By Jennifer Wells and Diana Zlomislic, Toronto Star December 14, 2012, below)
Memo to the psychiatric profession:
This is not only dangerous, and requires strict, enforced and transparent guidelines, but the use of electric shock therapy would be better eliminated than continued. There is a line in the hippocratic oath about "doing no harm" and the oath is a requirement for all doctors practicing in Ontario, or was when we last checked. Where are the clinical trials of this form of treatment, or is the public expected to believe the anecdotal reporting of those in the medical profession about the positive impact of its use? And how recently were clinical trials even conducted, or even required on equipment for which clinical trials are simply not available because they have never been conducted.
A patient's depression, while severe, and also while not adapting to medications might be telling the medical profession that this "patient's story" does not fit the medical diagnosis or treatment histories currently known and available to the profession.
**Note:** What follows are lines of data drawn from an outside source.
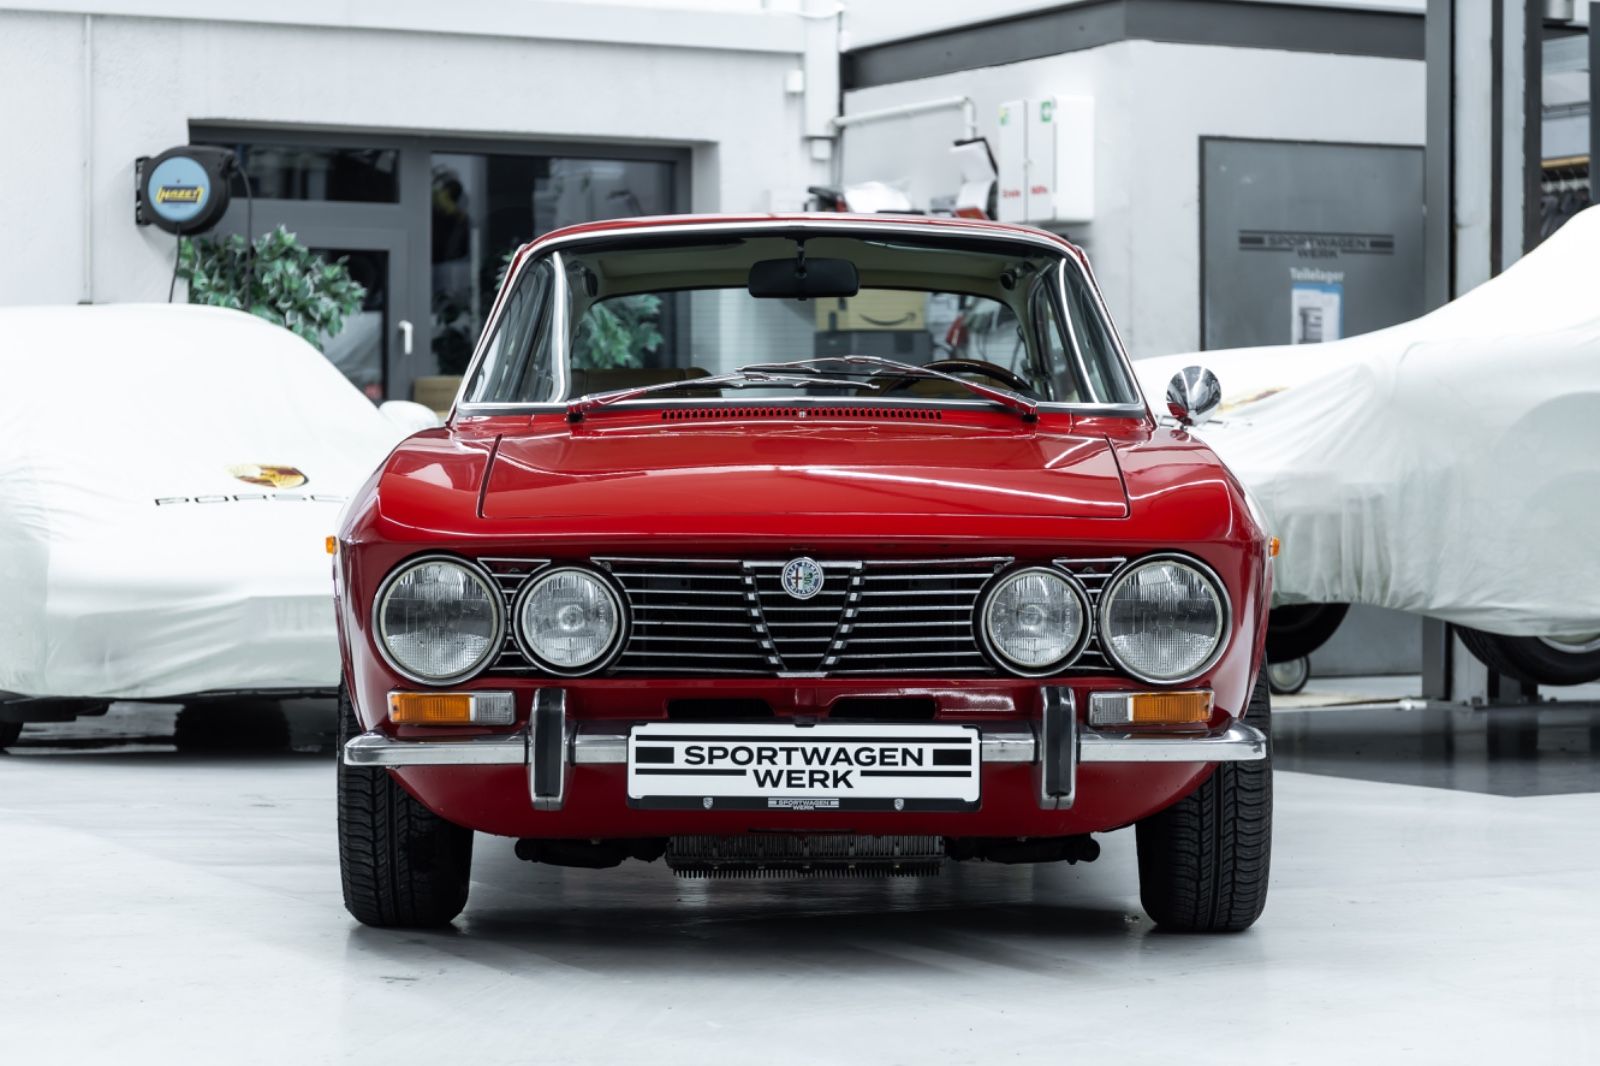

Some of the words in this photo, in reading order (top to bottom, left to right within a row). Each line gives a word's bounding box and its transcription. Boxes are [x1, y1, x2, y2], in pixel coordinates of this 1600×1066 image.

[1268, 233, 1367, 249] SPORTWAGEN
[1297, 249, 1339, 259] WERK
[1290, 267, 1345, 284] Teilelager
[684, 745, 924, 767] SPORTWAGEN
[753, 769, 854, 789] WERK
A simple layperson question arises, as I write this: When last did the attending physician and/or psychiatrist conduct a full biographical history of the patient, share that history with a team of both clinicians and lay people including nurses, chaplains and family members, and together design a treatment plan that is guaranteed to 'do no harm'? And while no drug can be guaranteed to 'do no harm' increasing evidence about the side effects of new drugs points to an elevated need and hopefully a requirement that the profession, including those providing both drugs and invasive equipment, that their "prescriptions" (in the widest sense of that word) will do much less harm than healing.
How is anyone to measure "less harm than healing"?...
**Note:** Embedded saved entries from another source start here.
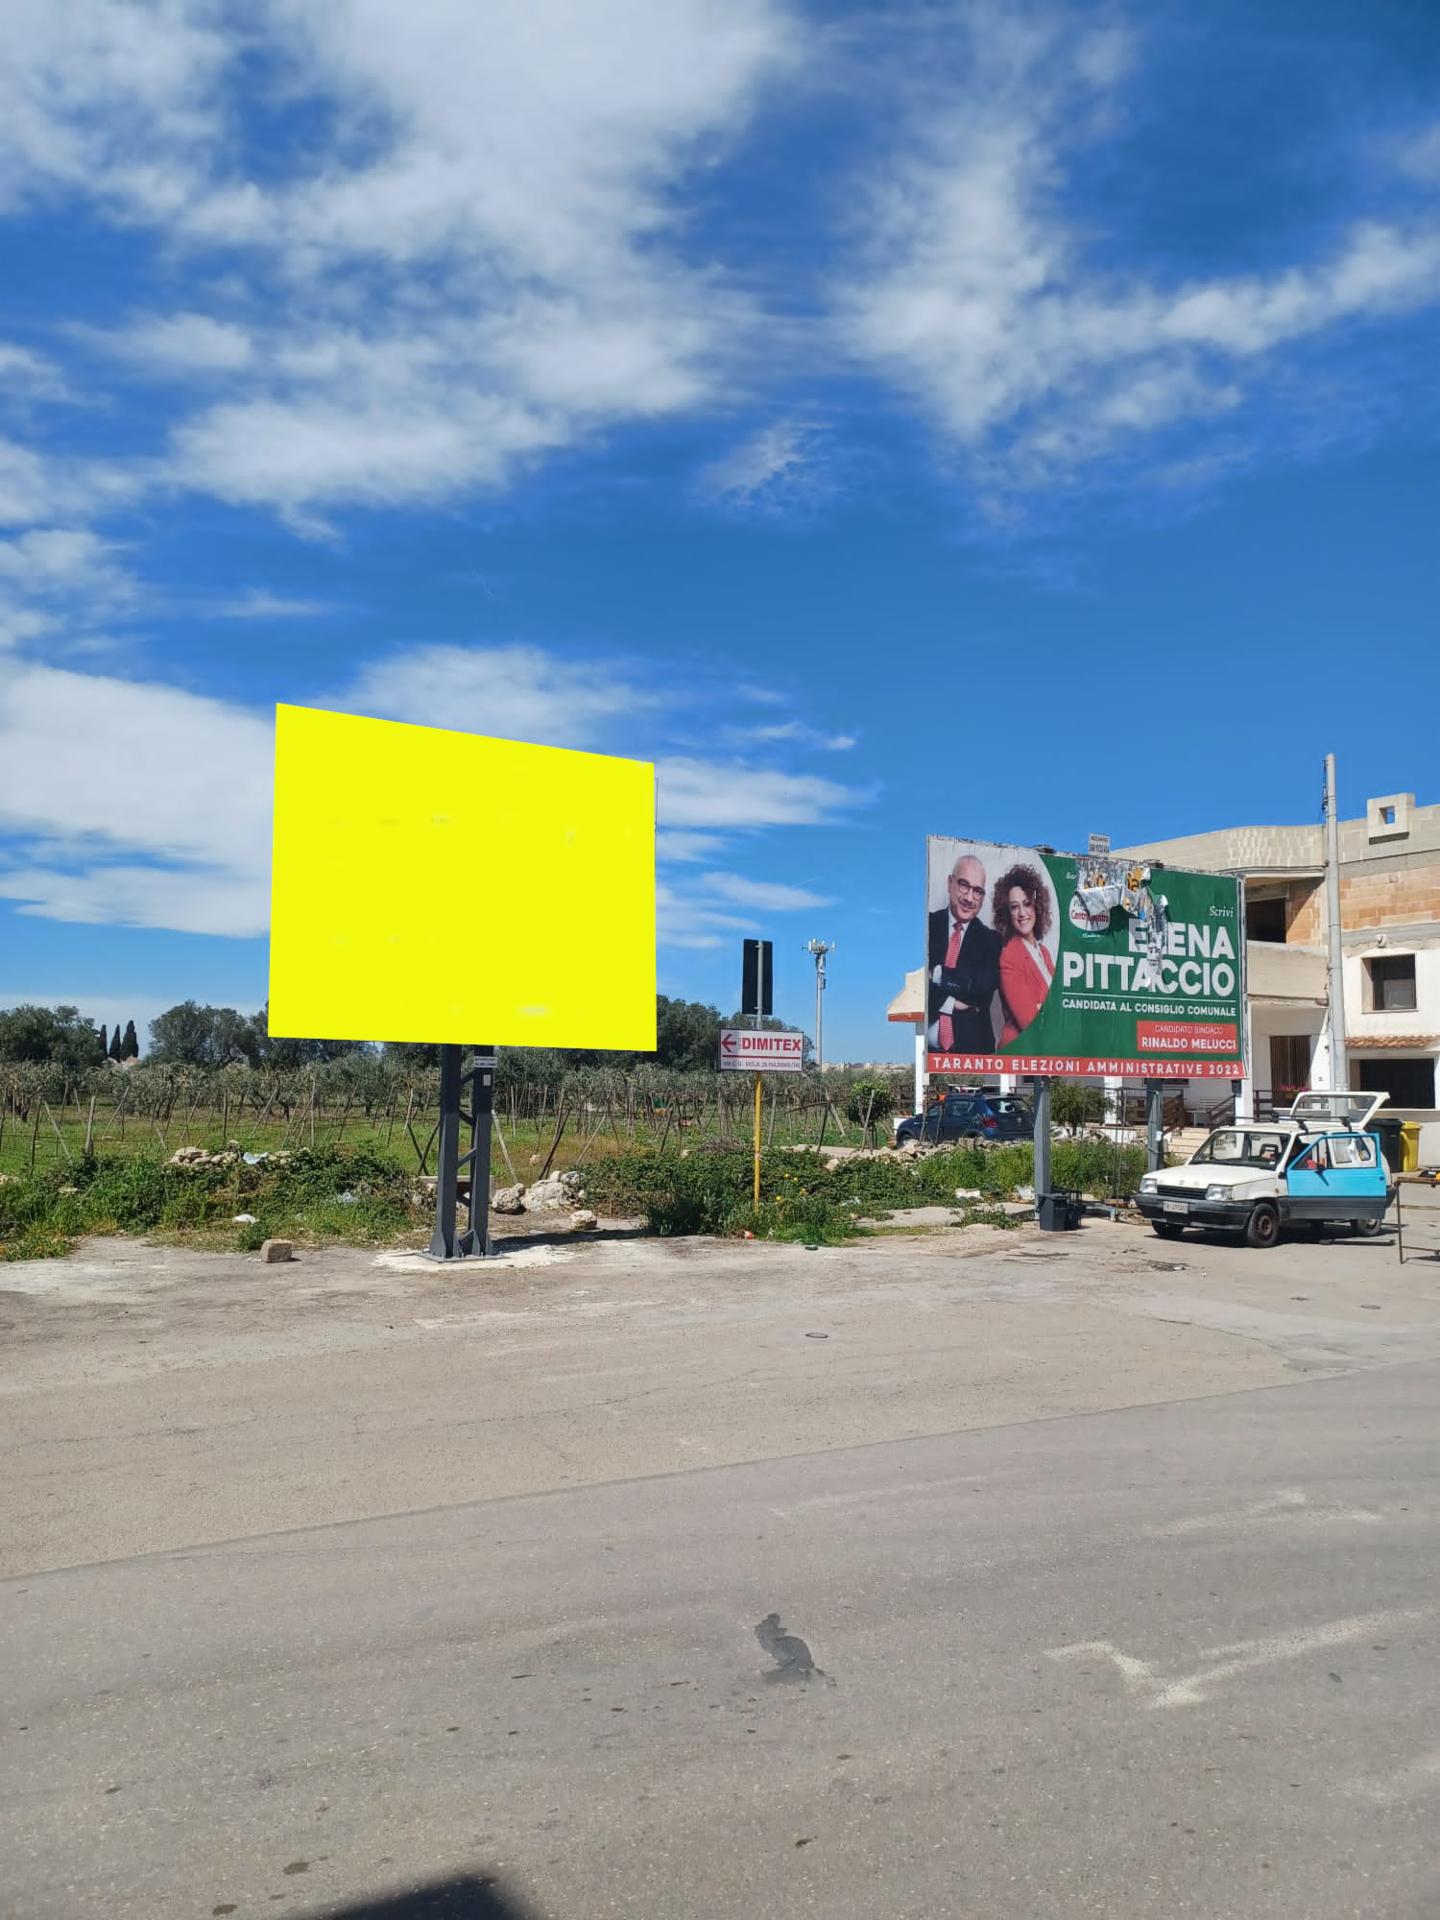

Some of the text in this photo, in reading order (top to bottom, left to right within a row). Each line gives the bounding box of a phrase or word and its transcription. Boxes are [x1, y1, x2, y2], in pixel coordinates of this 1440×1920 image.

[1209, 905, 1234, 918] Scrivi
[1128, 918, 1236, 960] EENA
[1062, 951, 1235, 997] PITTACCIO
[1062, 998, 1236, 1017] CANDIDATA AL CONSIGLIO COMUNALE
[1154, 1024, 1224, 1035] CANDIDATO SINDACO
[742, 1037, 801, 1051] DIMITEX
[1141, 1036, 1236, 1050] RINALDO MELUCCI
[933, 1056, 1240, 1075] TARANTO ELEZIONI AMMINISTRATIVE 2022
Very carefully, and even more rigidly than ever before.
We have things like traditions, for the medical profession, that were established long before some of the current treatments were even experiments in the researchers laboratories. And if those traditions, including the omnipotent and all-knowing character of those traditions, are no longer approrpriate and relevant to the treatment modalities now available and in extensive and alarmingly high use, then we need new traditions, new cautions, new protocols and new enforceable guidelines for the profession.
Governments and their laws clearly are playing catch-up with the new technologies in the private and national security fields. Perhaps this is also the case in professions that rely heavily on invasive technologies like medicine.
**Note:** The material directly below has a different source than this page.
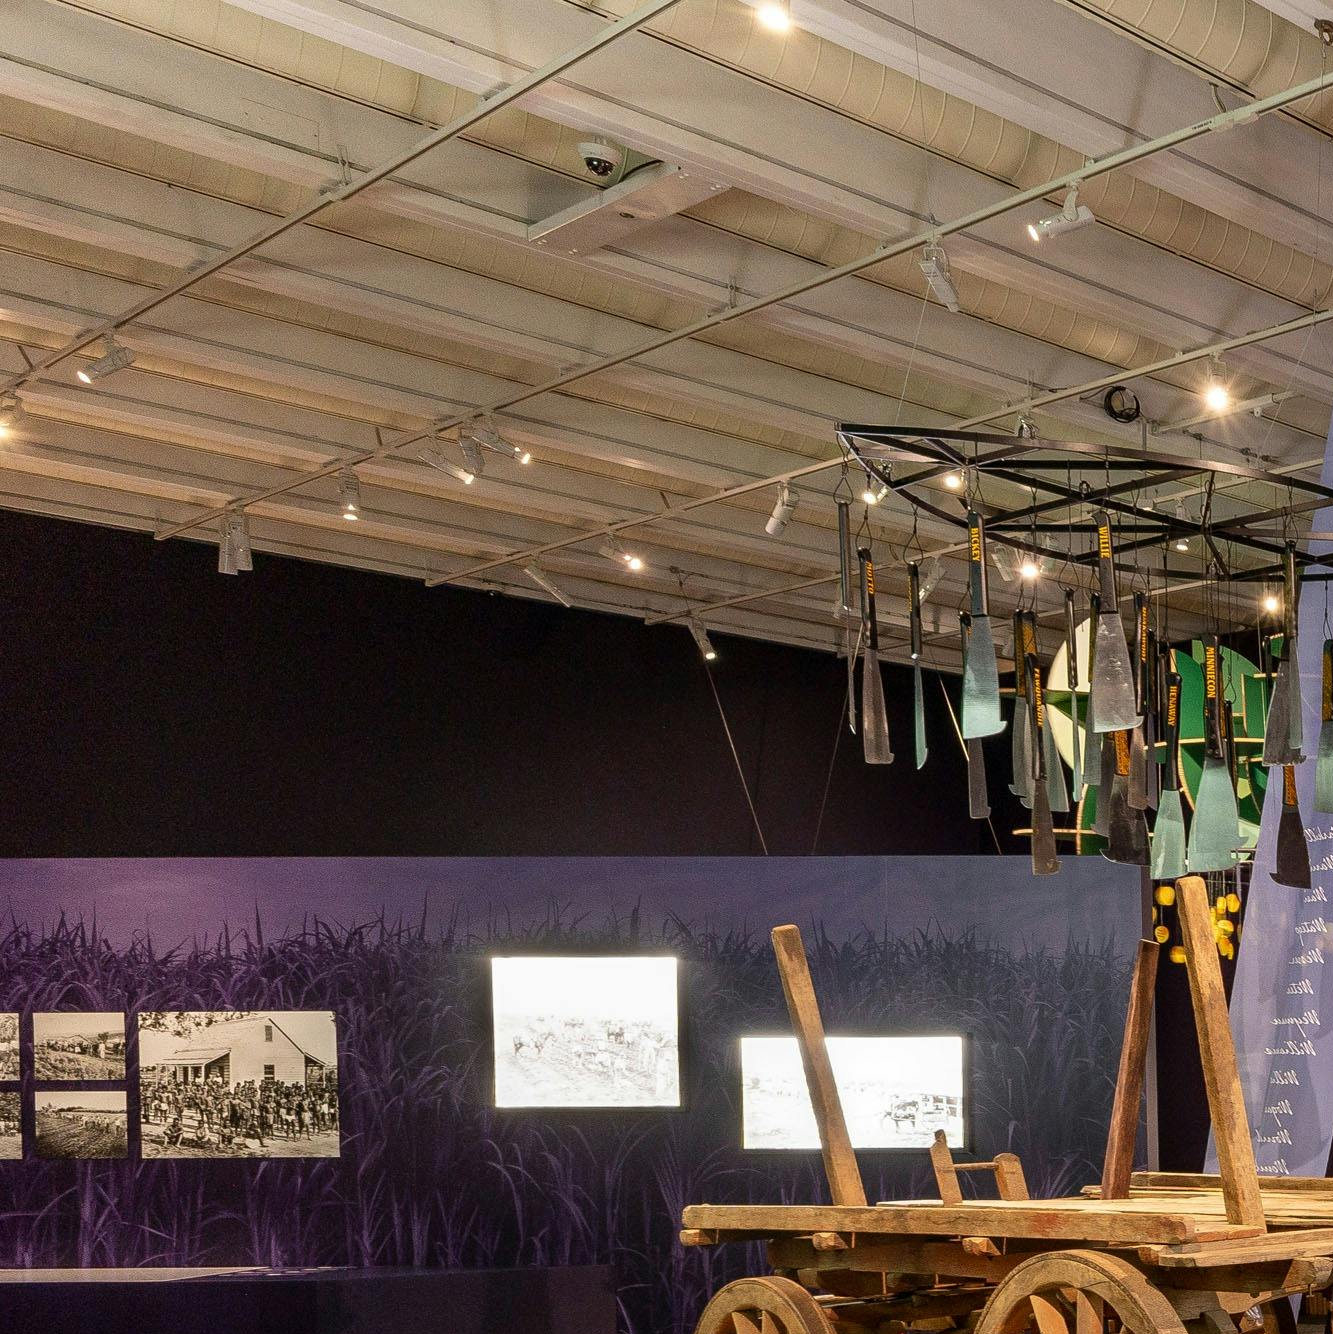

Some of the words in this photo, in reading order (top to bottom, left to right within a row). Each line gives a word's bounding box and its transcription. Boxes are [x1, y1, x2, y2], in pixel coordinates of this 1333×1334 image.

[971, 527, 980, 561] BICKEY
[1098, 526, 1110, 559] WILLIE
[1206, 646, 1216, 698] MINNIECON
[1168, 686, 1178, 727] HENAWAY
Public protection, in a general way, seems to be left to individual families, and garners public attention only after devastating results of treatments that went horrible wrong. The families in turn file law suits and several years later the courts award penalties, if required. In the meantime, however, hundreds, if not thousands of other patients and their families may be subject to a similar, malignant treatment, with no caution or legal sanction having been put in place to protect the public from serious harm.
This is one voice that joins with those seeking to abolish ECT from the treatment arrows in the psychiatrist's quivver. Certainly, there must be a public inquiry into the use of ECT, and not done only by those whose confidence in its use exceeds any reasonable level of confidence among an engaged if untrained public, any of whom could be subject to such treatment, either voluntarily or "involuntarily"...another of those antiseptic words that really means, "we are going to force you to undergo this treatment whether you like it or not"....
Hippocrates would be appalled by such a situation, and it exists in every psychiatric ward in Ontario, if not far beyond.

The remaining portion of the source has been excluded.